2. Provisions of S. 1, as Reported

Section 4013 substantially reenacts 18 U.S.C. 1968. Except for minor word changes, there are only two substantive changes. 18 U.S.C.

1968 (c) (2), which provides that no demand shall "require the production of any documentary evidence which would be privileged from disclosure if demanded by a subpoena duces tecum," has been eliminated since such a demand would obviously be unreasonable and is thus covered by 18 U.S.C. 1968 (c) (1), now subsection (b) of 4013. In addition, 18 U.S.C. 1968 (d) (7), which provides for the appointment of a successor custodian in the event of the death or disability of the designated custodian, is eliminated since it is implicit in the power of the Attorney General to designate a custodian that he has, in addition, the authority to designate a substitute custodian if the need should arise.

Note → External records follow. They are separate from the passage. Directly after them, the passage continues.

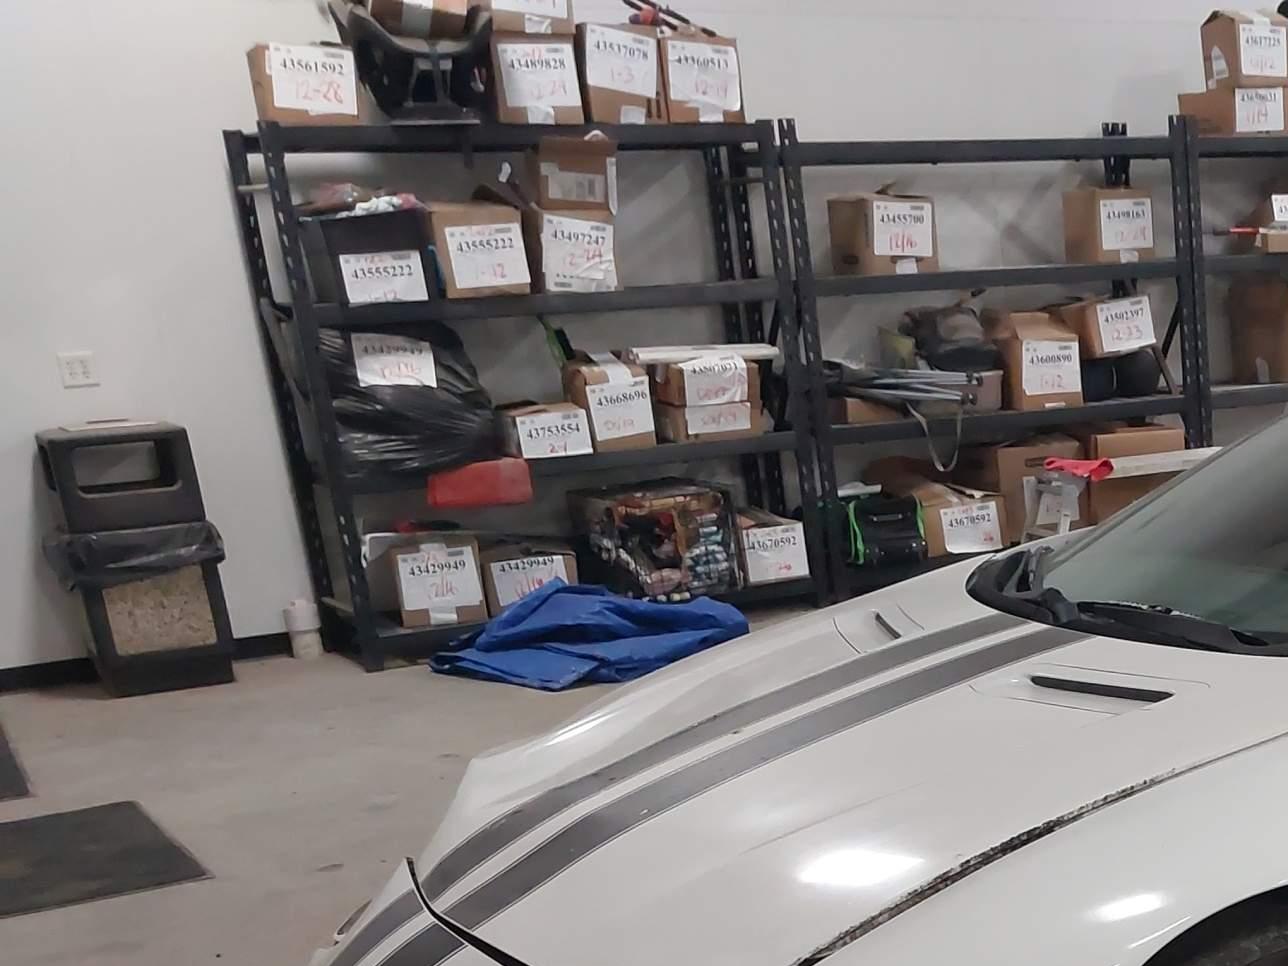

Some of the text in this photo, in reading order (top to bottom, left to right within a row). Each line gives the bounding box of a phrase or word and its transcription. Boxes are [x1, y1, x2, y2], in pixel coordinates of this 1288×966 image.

[593, 39, 649, 58] 43537078
[280, 58, 345, 76] 43561592
[509, 58, 567, 70] 43489828
[879, 213, 925, 225] 43455700
[457, 238, 515, 254] 43555222
[550, 228, 607, 247] 43497247
[351, 264, 413, 281] 43555222
[1028, 353, 1073, 366] 43600890
[596, 390, 648, 408] 43668696
[526, 422, 581, 441] 43753554
[948, 512, 992, 529] 43670592
[751, 535, 798, 553] 43670592
[408, 559, 467, 578] 43429949
[498, 557, 556, 574] 43429949

Subsection (a) of section 4013 sets forth the circumstances in which the Attorney General may issue a civil investigative demand and designates the material that the demand is to contain, and subsection (b) provides that no civil investigative demand is to contain any requirement that could be held to be unreasonable if contained in a subpoena duces tecum. This subsection will cover the limitations. which were formerly in 18 U.S.C. 1968 (c) (1) and (2).

Subsection (c) contains broad provisions for service of process and permits not only personal service, but service upon the person's agent or any other person authorized by law to receive service of process on behalf of the person as well. Service can be made at the principal office or place of business of the person or an executed copy can be sent by registered or certified mail to the person's principal office or place of business.

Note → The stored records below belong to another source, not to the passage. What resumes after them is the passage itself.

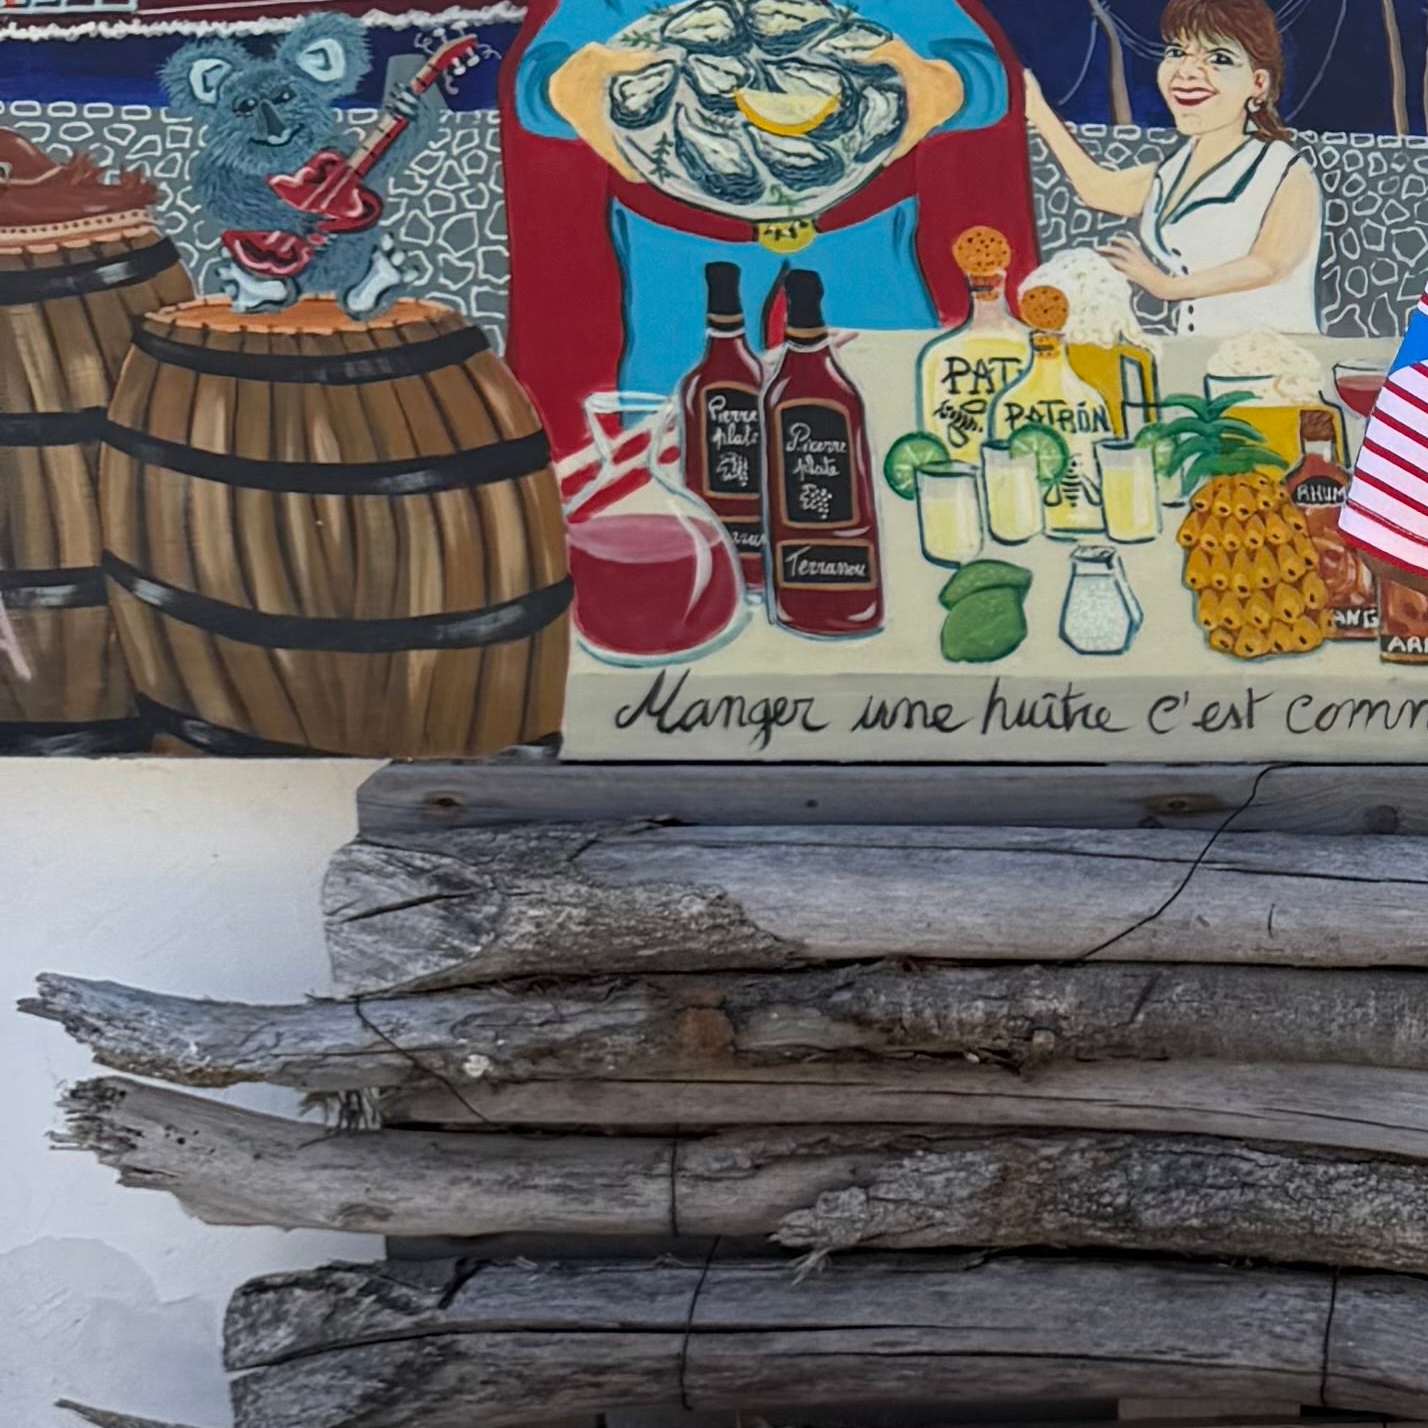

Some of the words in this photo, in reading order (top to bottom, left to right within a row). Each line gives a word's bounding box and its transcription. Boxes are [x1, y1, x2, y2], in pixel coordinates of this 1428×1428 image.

[941, 356, 1024, 395] PAT
[1330, 608, 1379, 629] ANG
[614, 668, 831, 751] Manger
[850, 692, 973, 735] une
[980, 675, 1131, 735] huître
[1147, 686, 1276, 735] c'est

Subsection (d) directs the Attorney General to appoint a person to serve as document custodian. This section also provides that the person to whom a civil investigative demand was issued must make the material available for inspection by the custodian at the person's place of business or some other place mutually agreed upon. The custodian is responsible for any material delivered to him and no one except the Attorney General is permitted to inspect the material without the consent of the person who produced the material.13 Upon the completion of the investigation or any proceedings arising therefrom, the custodian is to return to the person any material which has not passed into control of a court or grand jury. If no proceeding has been instituted within a reasonable time after completion of the examination and analysis of the evidence, the person who produced the material is entitled, upon written demand made upon the Attorney General, to the return of all the material produced by him.

Subsection (e) provides a procedure and the circumstances under which the Attorney General may seek an enforcement order when the person who is the subject of a civil investigative demand refuses to cooperate. In addition, the subsection provides that a person who has received a civil investigative demand may seek to have it modified or set aside within twenty days after receiving the demand.

Subsection (f) grants jurisdiction to the United States district courts to hear and determine any matter arising under the provisions of this section.

13 Under section 111, the term "Attorney General" includes any officer of the Department of Justice authorized to act for or on behalf of the Attorney General.